I also noticed that in random intercept models, when covariates were added, the unexplained variance induced by the random intercept becomes smaller, this is probably because part of the unexplained variance was accounted by the added covariates.

WinBUGS and STATA generally produce similar results, but they are not exactly the same. This is probably because WinBUGS and STATA use different approaches to obtain the estimates.

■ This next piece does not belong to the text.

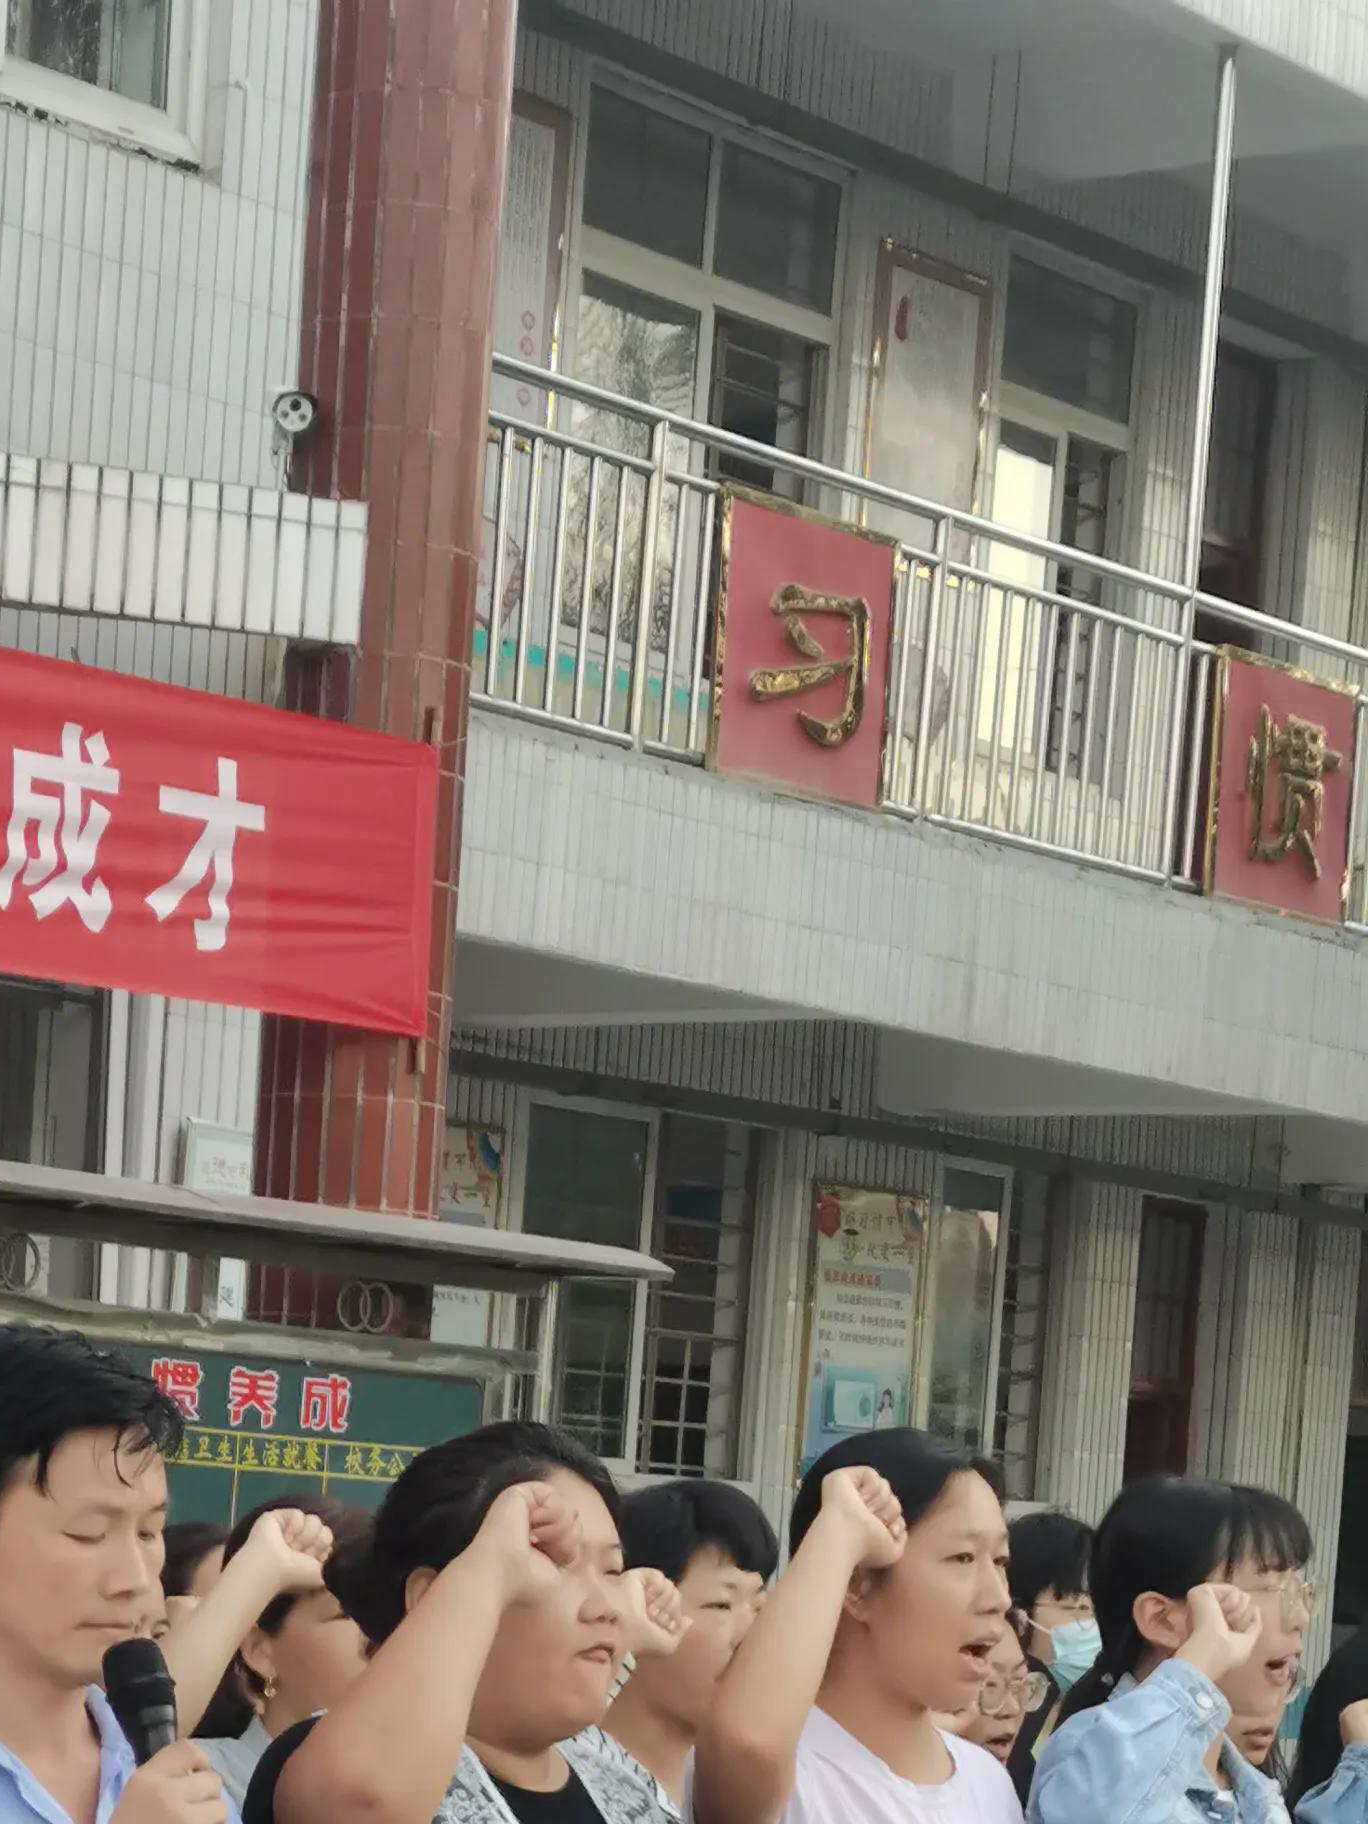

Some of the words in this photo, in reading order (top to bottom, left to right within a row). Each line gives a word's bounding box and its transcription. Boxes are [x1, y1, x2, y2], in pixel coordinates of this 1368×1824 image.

WinBUGS uses the Baysian method to get the posterior distributions based on the priors, whereas

STATA uses frequentist’s approaches to calculate the maximum likelihood. In the random slope model, we could see that there is a big difference in the estimation of the variance induced by the random slope. This might be due to the different methods the softwares took to calculate the variances, or it might be because the prior distribution (omeaga) I set in my WinBUGS program was not the best.

Taken together, in this project I analyzed the medical expenditure dataset using random effects models. WinBUGS and STATA were both used in my analysis. The results showed that there is a significant effect of age and PCP specialty on median annual allowable outpatient expenditure as well as the proportion of total allowable and specialist outpatient expenditures.